Phrase grounding data
--
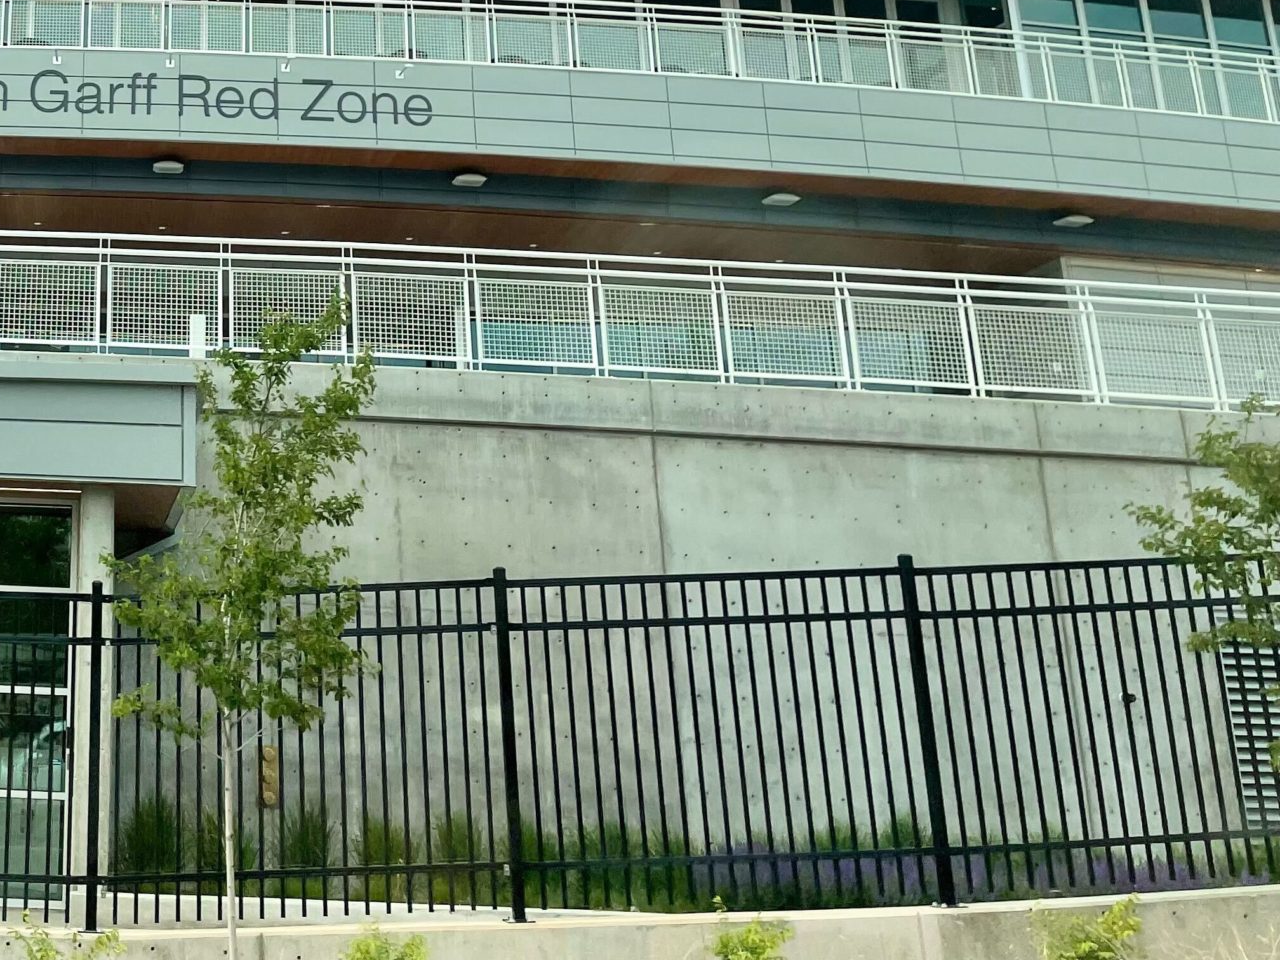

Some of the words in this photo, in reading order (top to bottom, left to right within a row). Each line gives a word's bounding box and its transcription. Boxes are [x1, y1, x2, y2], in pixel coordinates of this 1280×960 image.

[28, 68, 158, 115] Garff
[177, 73, 280, 120] Red
[299, 78, 434, 127] Zone
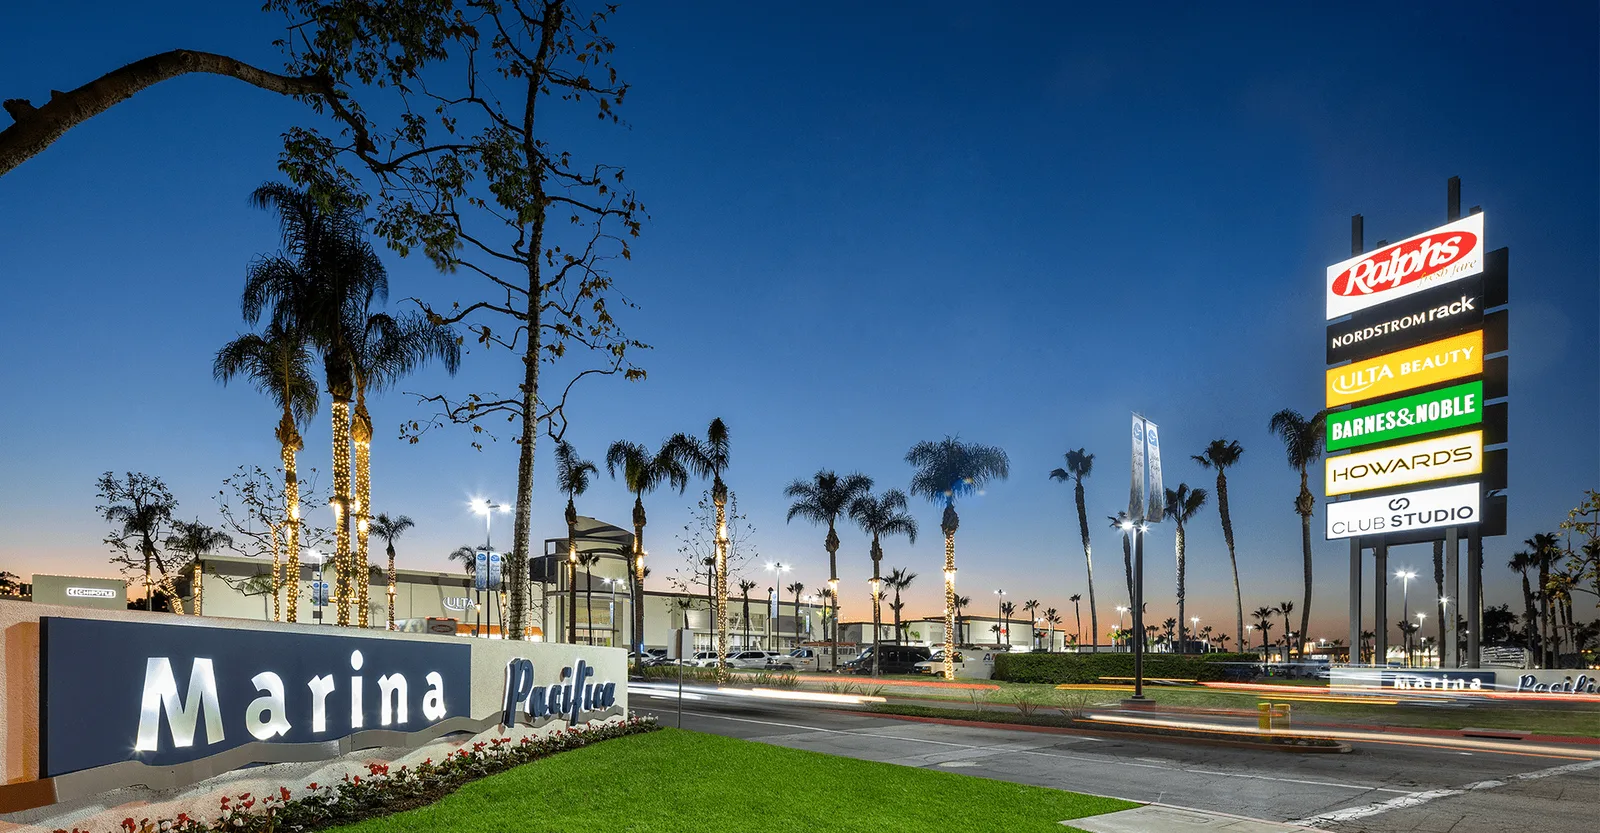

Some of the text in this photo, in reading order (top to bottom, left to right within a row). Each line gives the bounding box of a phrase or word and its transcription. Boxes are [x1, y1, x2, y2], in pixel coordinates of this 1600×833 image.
--
Task statement:
In repeating the entries, exclude the pictures and alter nothing else.

Final answer:
Some of the words in this photo, in reading order (top to bottom, left to right within a row). Each line gives a word's bounding box and its transcription. Boxes are [x1, y1, x2, y2], in pixel coordinates of this 1280×960 image.

[28, 68, 158, 115] Garff
[177, 73, 280, 120] Red
[299, 78, 434, 127] Zone

Some of the text in this photo, in reading order (top to bottom, left to right within a row). Each line gives the bounding box of a phrase or word and its transcription. Boxes are [x1, y1, x2, y2], in pixel coordinates of this 1600×833 image.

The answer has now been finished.